For the past decade, Indianapolis-based professional speaker Scott McKain has used his experience at Obsidian Enterprise
Inc. as the centerpiece of his marketing pitch.
As his speaking.com bio puts it, “His original and uniquely perceptive insights into business not only currently provide
the basis for his books and platform content, but also assisted in forming the foundation of a company that has grown from
a small investment to $100 million in annual sales in a very short period.”
McKain
has heavyweight clients, including Cisco.
There’s only one problem, as recent filings by Fair Finance Co.’s bankruptcy trustee make clear: Obsidian, an
Indianapolis-based holding company where McKain served as vice chairman, was a colossal failure. The company, which operated
a handful of transportation and manufacturing firms, burned through tens of millions of dollars in loans from Akron, Ohio-based
Fair, contributing to its demise in November 2009.
The 56-year-old McKain isn’t well-known locally but has a sterling client list. Earlier this year, he spoke at the
winter dealer meeting in Orlando for Milwaukee-based Harley-Davidson Inc. And he’s on the speaker lineup for the Cisco
Systems Inc. Partner Summit, which runs from Feb. 28 to March 3 in New Orleans.

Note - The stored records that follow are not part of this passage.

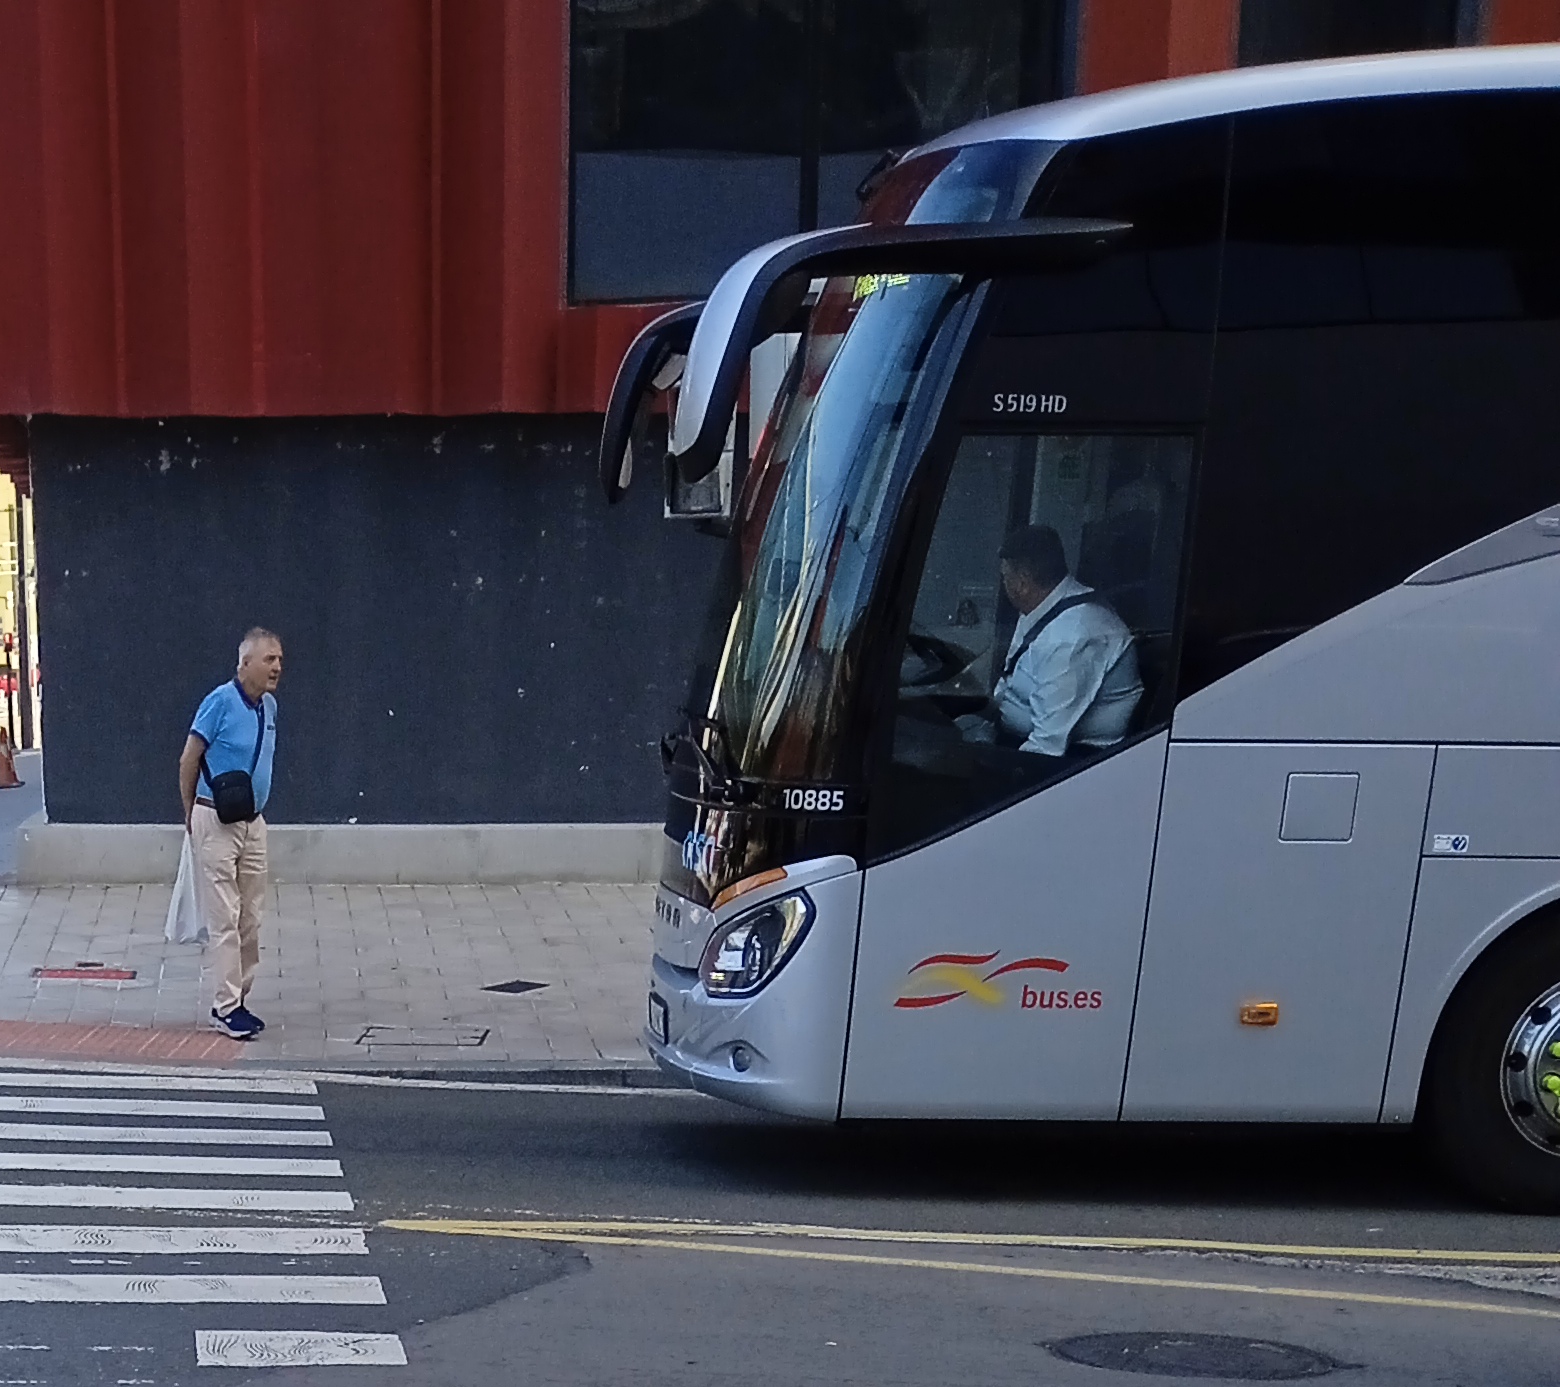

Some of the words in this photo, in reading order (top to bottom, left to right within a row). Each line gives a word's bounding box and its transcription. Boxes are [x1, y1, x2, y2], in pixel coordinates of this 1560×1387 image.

[992, 393, 1004, 412] S
[1007, 393, 1037, 412] 519
[1040, 394, 1067, 413] HD
[783, 788, 845, 812] 10885
[1021, 984, 1102, 1009] bus.es
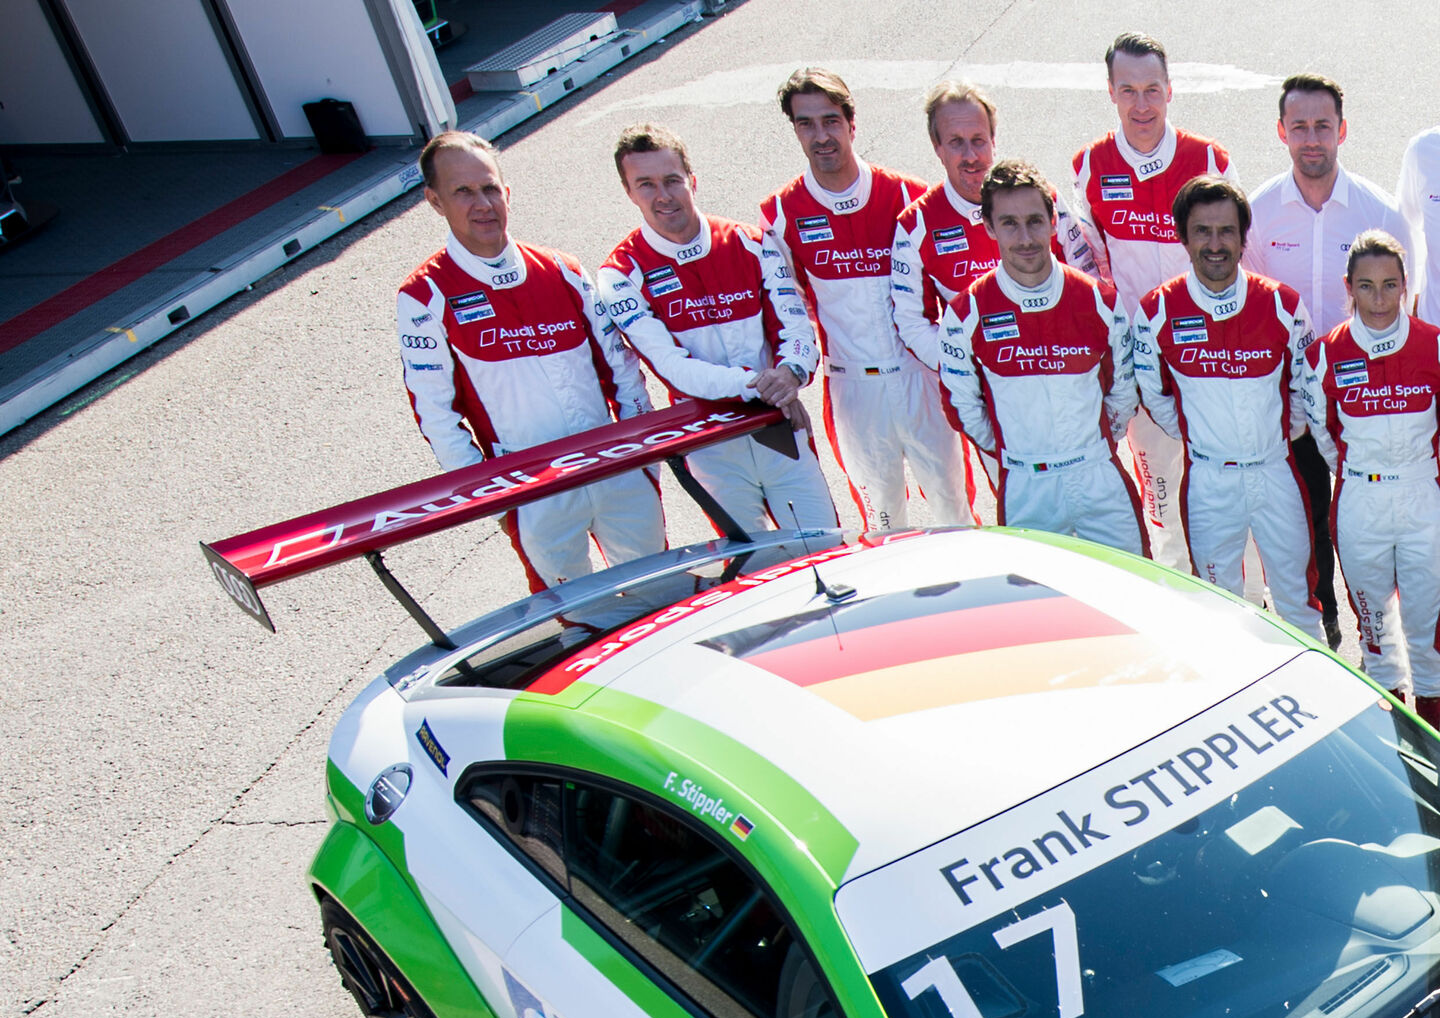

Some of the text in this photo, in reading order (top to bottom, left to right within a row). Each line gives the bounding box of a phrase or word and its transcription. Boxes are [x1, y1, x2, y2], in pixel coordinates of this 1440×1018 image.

[1129, 211, 1159, 223] Audi
[1130, 224, 1174, 240] TT Cup
[832, 248, 890, 261] Audi Spo
[834, 262, 880, 273] TT Cup
[685, 290, 754, 309] Audi Sport
[688, 308, 732, 321] TT Cup
[500, 320, 576, 340] Audi Sport
[504, 338, 556, 352] TT Cup
[1015, 345, 1090, 358] Audi Sport
[1199, 349, 1272, 362] Audi Sport
[1017, 359, 1065, 371] TT Cup
[1200, 362, 1247, 375] TT Cup
[1362, 384, 1431, 398] Audi Sport
[1362, 399, 1407, 411] TT Cup
[370, 411, 748, 533] Audi Sport
[1139, 451, 1156, 517] Audi Sport
[1157, 477, 1168, 518] TT Cup
[1356, 590, 1371, 623] Sport
[1375, 611, 1384, 631] Cup
[565, 590, 734, 674] Sport
[663, 771, 734, 825] F. Stippler
[939, 694, 1319, 906] Frank STIPPLER

His bio for that event reads: “Growing successful businesses and developing corporate leaders within his own $100 million-plus
organization has been Scott McKain’s calling.”
Few people would describe Obsidian or its subsidiaries—from a rubber recycling firm to a celebrity-tour-bus operator—as
successful. Way back in 2002, auditors were questioning whether Obsidian could survive through the next year. And the news
only got worse from there. From 2001 through 2006, Obsidian racked up more than $30 million in losses.
A court filing by Fair’s bankruptcy trustee this month noted that one subsidiary—trailer-maker United Expressline—did muster a profit of $400,000 in 2002. “Upon information and belief, it was the last profit any Obsidian subsidiary generated,” the filing said.
Obsidian also never had sales topping $70 million, much less $100 million, public records show.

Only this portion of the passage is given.